Dive Brief:
- The Trump administration had the authority to promulgate a pair of regulations expanding employers' ability to claim an exemption from the Affordable Care Act (ACA)'s contraceptive mandate on the basis of either moral convictions or religious beliefs, the U.S. Supreme Court held in a 7-2 ruling Wednesday (Little Sisters of the Poor Saints Peter and Paul Home v. Pennsylvania, No. 19-431 (U.S. July 8, 2020)).
- In the ruling, penned by Associate Justice Clarence Thomas, the court also held that the administration's rules "are free from procedural defects." Respondents in the case had contended that the administration did not satisfy the requirements of the Administrative Procedure Act.

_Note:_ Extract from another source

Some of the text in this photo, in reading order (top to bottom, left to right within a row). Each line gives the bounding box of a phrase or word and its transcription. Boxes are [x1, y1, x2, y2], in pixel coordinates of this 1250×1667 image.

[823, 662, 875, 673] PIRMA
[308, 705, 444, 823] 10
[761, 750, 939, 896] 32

- "Concerns that the exemptions thwart Congress' intent by making it significantly harder for interested women to obtain seamless access to contraception without cost-sharing cannot justify supplanting the text's plain meaning," Thomas said. "Even if such concerns are legitimate, they are more properly directed at the regulatory mechanism that Congress put in place."
Dive Insight:
The High Court's ruling provides a measure of clarity on a long-standing legal dispute over the ACA. The ruling of the 3rd U.S. Circuit Court of Appeals has been reversed and the case will be remanded "with instructions to dissolve the nationwide preliminary injunction" on the rules.

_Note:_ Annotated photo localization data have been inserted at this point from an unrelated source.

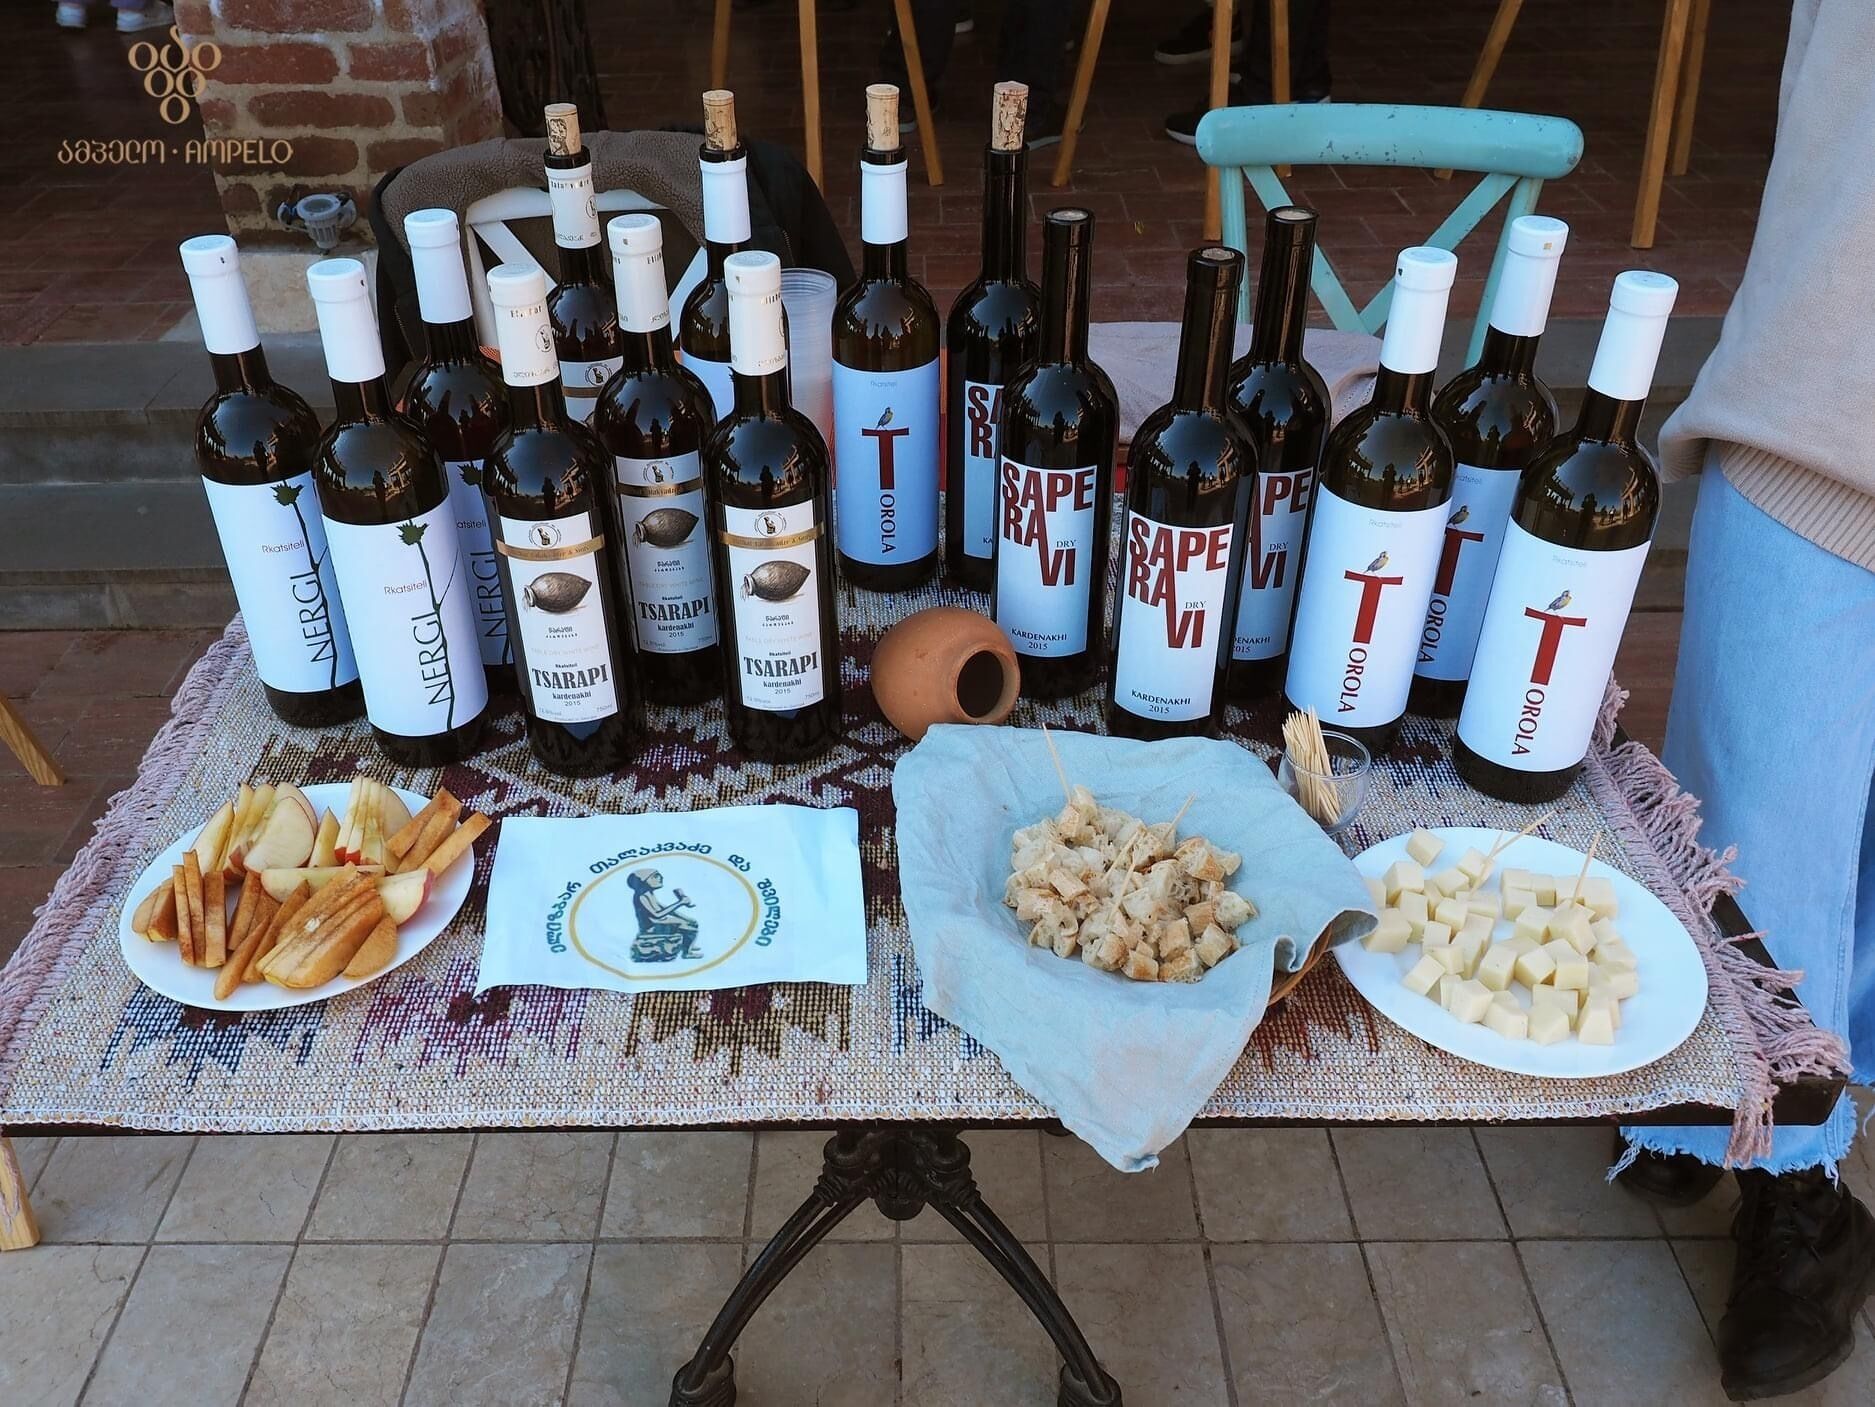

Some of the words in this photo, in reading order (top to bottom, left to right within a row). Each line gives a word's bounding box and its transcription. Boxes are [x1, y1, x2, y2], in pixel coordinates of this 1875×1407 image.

[261, 539, 305, 553] Rkatsiteli
[1056, 539, 1076, 548] DRY
[1269, 542, 1288, 550] DRY
[384, 580, 427, 595] Rkatsiteli
[639, 596, 710, 621] TSARAPI
[1185, 600, 1207, 609] DRY
[290, 569, 337, 662] NERGI
[1011, 628, 1067, 641] KARDENAKHI
[1028, 642, 1048, 650] 2015
[411, 611, 453, 705] NERGI
[744, 652, 818, 677] TSARAPI
[532, 664, 608, 689] TSARAPI
[1131, 688, 1191, 705] KARDENAKHI
[1148, 704, 1170, 714] 2015
[728, 854, 751, 872] და

In a concurring opinion, Associate Justice Elena Kagan wrote that while the administration expanded the ACA's original contraceptive coverage exemption, the administration's reading of the ACA's statutory delegation — specifically of the question of who must provide contraceptive coverage as defined by the Health Resources and Services Administration — has not.
"But that does not mean the Departments should prevail when these cases return to the lower courts," Kagan said. State governments, she noted, "challenged the exemptions not only as outside HRSA's statutory authority, but also as 'arbitrary [and] capricious' … Because the courts below found for the States on the first question, they declined to reach the second. That issue is now ready for resolution, unaffected by today's decision."
The U.S. Department of Health and Human Services' (HHS) 2017 interim final rules drastically expanded employers' opportunities for exemptions. Final rules followed in November 2018 but in January 2019, federal judges issued separate injunctions on these rules.
According to 2019 Society for Human Resource Management survey results, most employers (71%) offer contraceptive coverage. And experts previously told HR Dive that should the Supreme Court reach this conclusion, the largest impact may be felt at small and mid-sized employers.